Kei snorted. “It definitely had a thing _like_ a face. Hitoshi-kun?”

He nodded. _Like a face. Yep, hard to miss that one._ Hitoshi’s recollection of the news coverage basically left him wondering for weeks if the thing was Tokoyami’s Dark Shadow with a dye job, but that was neither here nor there. He had an idea of how bad things would have to be if _that_ showed up again. 

Midoriya’s eyes cut toward her, for just a second. “Um, yeah. Anyway, it turns out she’s a she, her alias is Turtle, and that’s an Emitter-class Quirk. Sort of like Dark Shadow, but um…” Midoriya paused again. His eyes narrowed and his right hand twitched as though for a pen. “Okay, you know how we’ve been training to fight without our Quirks? It helps us a lot with judgment and building reflexes and just knowing how our bodies work that much better, right?”

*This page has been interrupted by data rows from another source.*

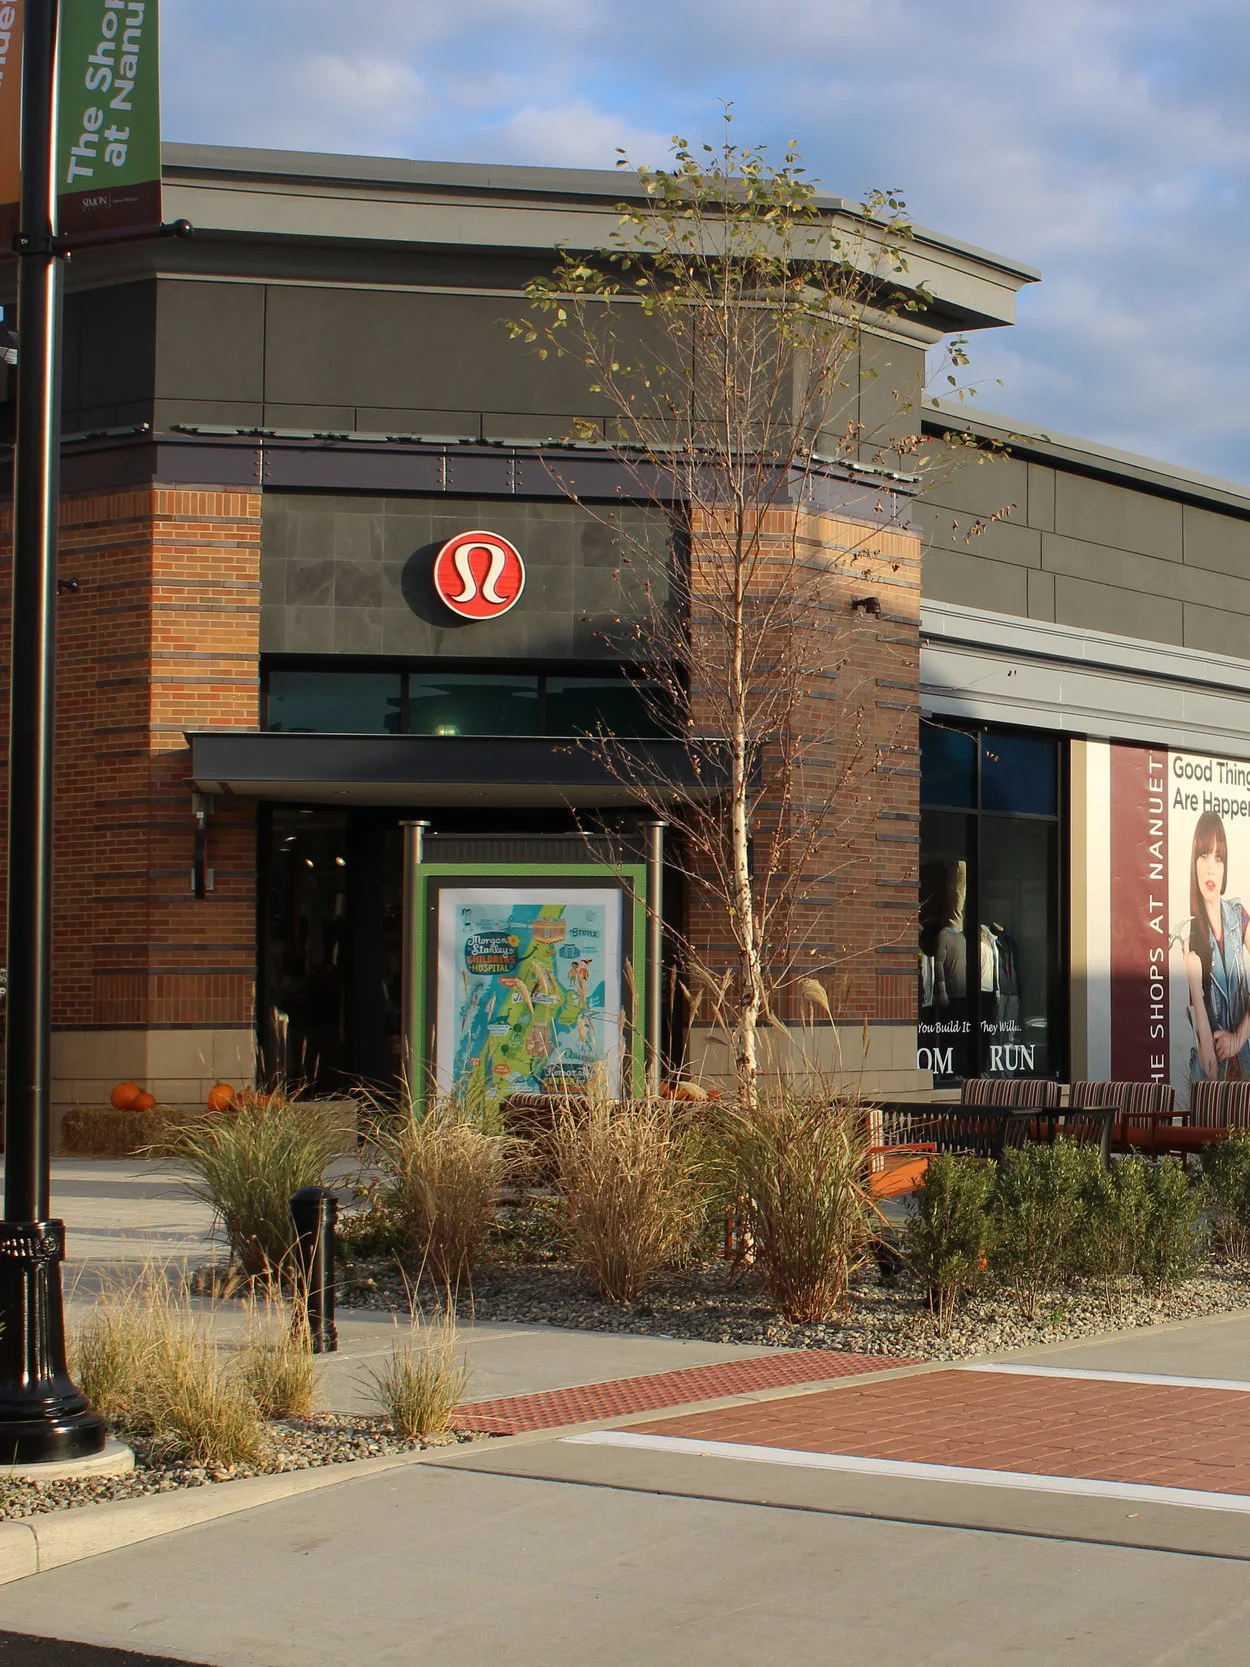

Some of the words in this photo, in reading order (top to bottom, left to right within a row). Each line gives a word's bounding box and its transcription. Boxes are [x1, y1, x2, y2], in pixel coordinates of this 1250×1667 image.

[110, 0, 146, 110] Nanu
[66, 106, 104, 184] The
[104, 124, 130, 167] at
[1173, 756, 1213, 783] Good
[1150, 755, 1163, 879] NANUET
[1173, 787, 1199, 812] Are
[1150, 894, 1164, 934] AT
[468, 935, 508, 949] Morgan
[472, 964, 509, 973] HOSPITAL
[1150, 947, 1164, 1039] SHOPS
[918, 1022, 935, 1033] You
[935, 1021, 961, 1034] Build
[962, 1021, 971, 1033] It
[981, 1020, 998, 1035] They
[917, 1047, 954, 1074] OM
[990, 1044, 1036, 1071] RUN

Hitoshi nodded, figuring Midoriya was building up to something. Kirishima did, too. 

Midoriya took a deep breath. “I think I saw what it looks like when someone takes that way too far. Near as I can tell, Turtle’s Quirk gives her super strength, speed, and an animal-shaped aura that makes it so nobody can actually hurt her without having All Might’s strength. From what I saw, it can actually fight without her, like Dark Shadow, but she can shape it so it boosts her attacks, too.” His hand twitched again. 

Kei, who’d been busy digging through her school bag, dropped a pencil and a small, unused notepad on the bedside table. When Midoriya looked askance at her, she said, “Seems like you need something to keep your hands busy, Midoriya-kun.” 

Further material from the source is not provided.